Hi guys, sorry for the long post, but i've got a lot on my mind and i really need to get it out there and written down.
Basically Im a male, 27 years old, with a good job and a loving wife who is about 15 weeks out from recieving our firstborn.
around the start of may we went on holiday to spain with my inlaws. Id been working ten to the dozen in my job right up to the day of departure and was really looking forward to the holiday. Anyway, Whilst i was on holiday i noticed that my little finger on my left hand had started to tremor, moving from side to side on its own if i held my hands out, fingers apart. Me bieng me, i immidiatly jumped to the worse case scenario and thauhgt " what if i have parkinson or some other neurological illness, such as CJD " over the course of the holiday i kept checking my hands and the finger kept tremoring. after 2 days i noticed my little finger and my secound finger in on my right hand had started to tremor as well.
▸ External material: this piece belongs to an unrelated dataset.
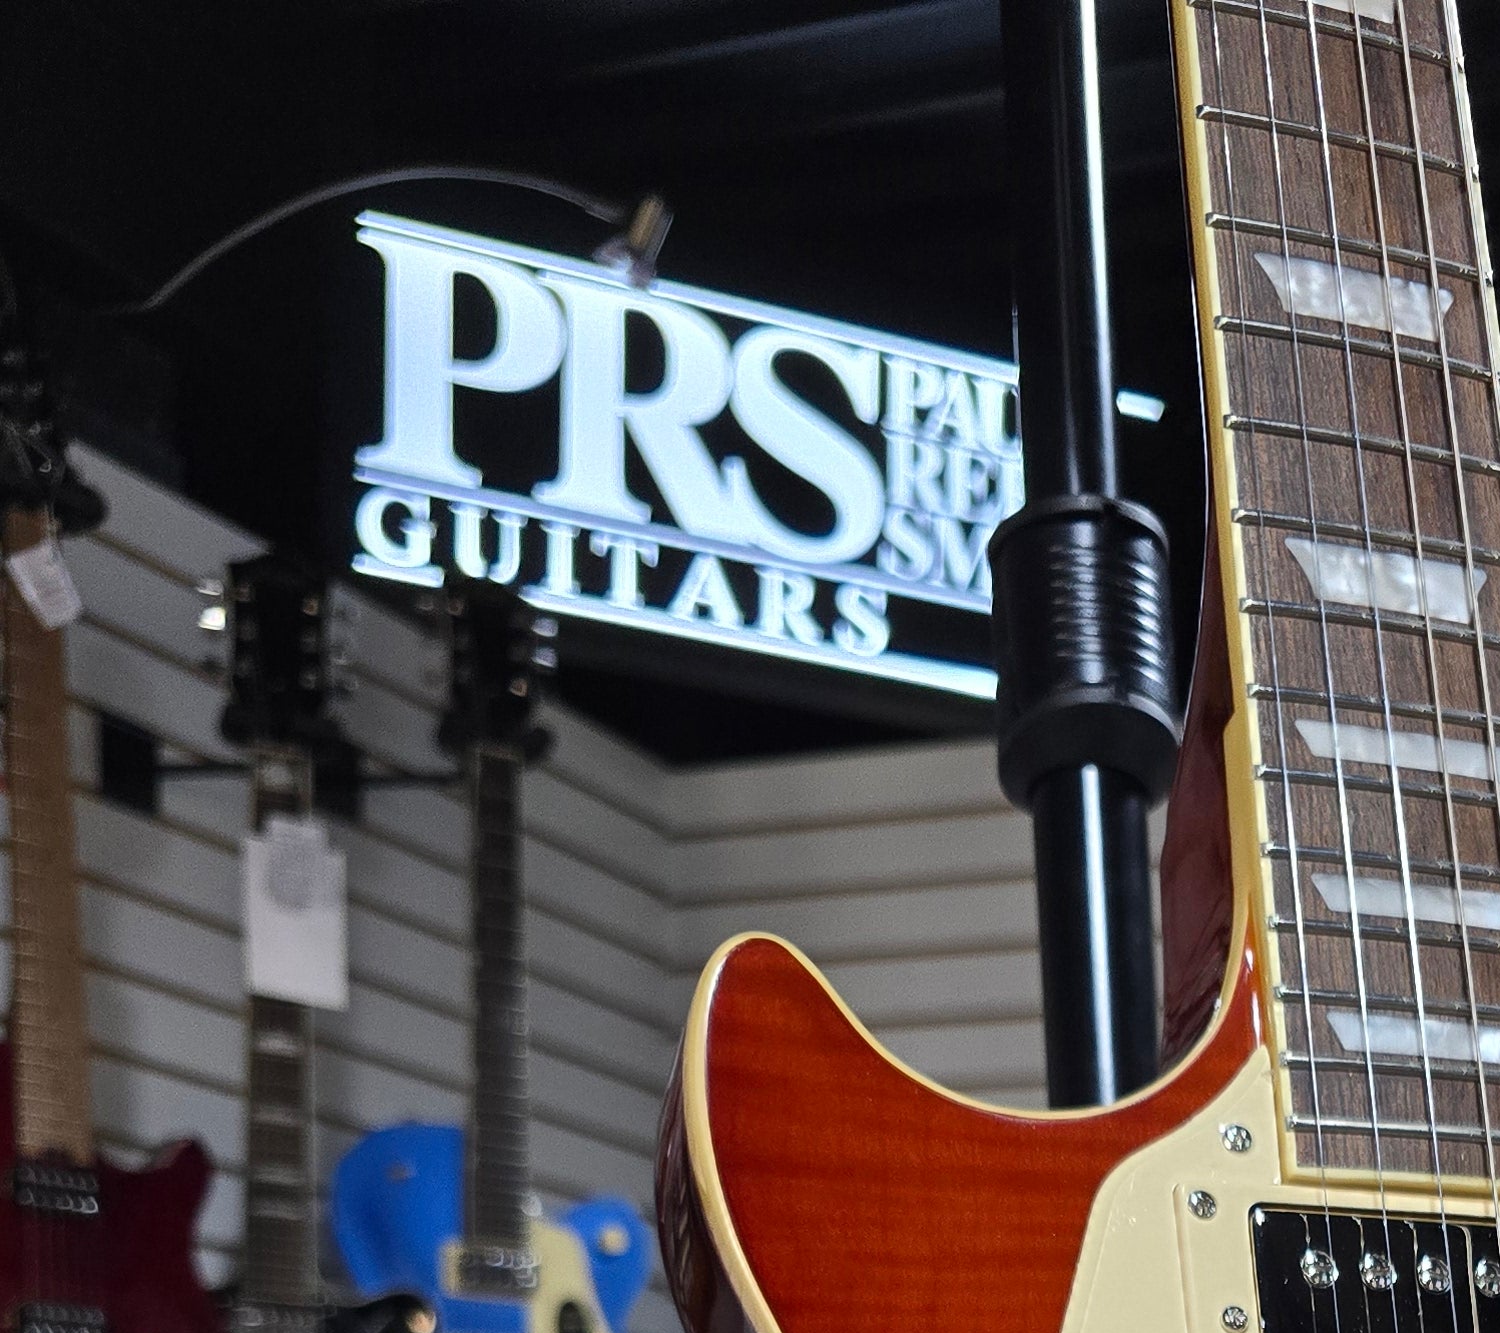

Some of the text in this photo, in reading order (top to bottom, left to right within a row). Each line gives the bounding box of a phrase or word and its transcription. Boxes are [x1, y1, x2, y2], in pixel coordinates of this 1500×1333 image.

This increased my state of panic futher and i then started to find i was getting finding it more and more difficult to get my words out and started focusing on that as well. Towards the end of the holiday i began to notice whilst i was driving i would be touching my face a lot, and was obviously getting rather adjitated by the whole situation. When i got back to the uk i then had my trusty friend the internet back at my disposal. Obviously i used this time to read up on CJD and to my fear tremors, speech difficulties ETC were listed as symptoms.
I also felt as tho i had trouble co-ordinating the mouse and typing porperly which i didnt have before this all started. I went to the doctors and he sent be for bloods to see what could be causing the tremors, but all the results came back negative. Since then ive developed major anxiety. the day befor i got back to work i went in and i felt lost and like i didint know what i was doing, and to my distress i found i couldent even remeber the names of people i have worked with for 10 years. This really paniced me and i went to the doctors and told him my fears. hes sent me to a nurologist to look into the tremors and has put my on diazapam to try and calm me. I actually felt well for about 4 days after i went on the diazapam but now i feel as bad as ever.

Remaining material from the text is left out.